Is it lying in a garden? Is death sleeping? Is death the opposite of life? Is it the continuation of the soul? Is it the resting place? Is it the Consequence of living? Is it Hell? Is it Heaven?

Where is Heaven? Is Heaven a place on Earth? No. Surely not.

I went home and lay down. I didn’t get any water to drink, or any food to eat. I wasn’t hungry or thirsty. I hadn’t been hungry or thirsty for as long as I can remember. At least since today and last week and 2 months ago and a year from now. Or somewhere around that time. “Mom?!” I called from my bed. “Mommy?!” I screamed and screamed and screamed and screamed for my mommy.

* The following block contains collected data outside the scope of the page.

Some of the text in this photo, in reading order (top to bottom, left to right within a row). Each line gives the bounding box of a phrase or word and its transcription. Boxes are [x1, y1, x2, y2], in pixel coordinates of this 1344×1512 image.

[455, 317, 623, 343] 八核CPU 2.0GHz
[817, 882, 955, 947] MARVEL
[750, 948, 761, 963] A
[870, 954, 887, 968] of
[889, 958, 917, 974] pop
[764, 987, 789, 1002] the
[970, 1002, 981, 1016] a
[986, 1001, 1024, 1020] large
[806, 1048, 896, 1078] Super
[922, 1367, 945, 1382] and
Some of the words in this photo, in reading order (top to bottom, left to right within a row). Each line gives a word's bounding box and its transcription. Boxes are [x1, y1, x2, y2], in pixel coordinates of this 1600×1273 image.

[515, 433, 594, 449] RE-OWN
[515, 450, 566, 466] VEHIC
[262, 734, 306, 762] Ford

She didn’t answer. She was gone. She was dead. She’d been dead since yesterday, and the day before, and a long time before that. “Oh right. Mommy is gone.” I turned over away from my grey wall and put my face into the grey pillow, and tried again, “Mommy? Mom?! Mom, where are you?” Maybe that would work. There was but one problem I faced in my new, grey, lonely, lonely world. What was it, you ask? Well, I don’t know. I have never known, I will never know, you’ll never know. If I could jump back in time before I knew I was the only real person on Earth, before I even knew what Solipsism was, I would, but it wouldn’t matter. And you see, this is because this is always the way the world has been. Dark, grey, lonely, quiet, dead.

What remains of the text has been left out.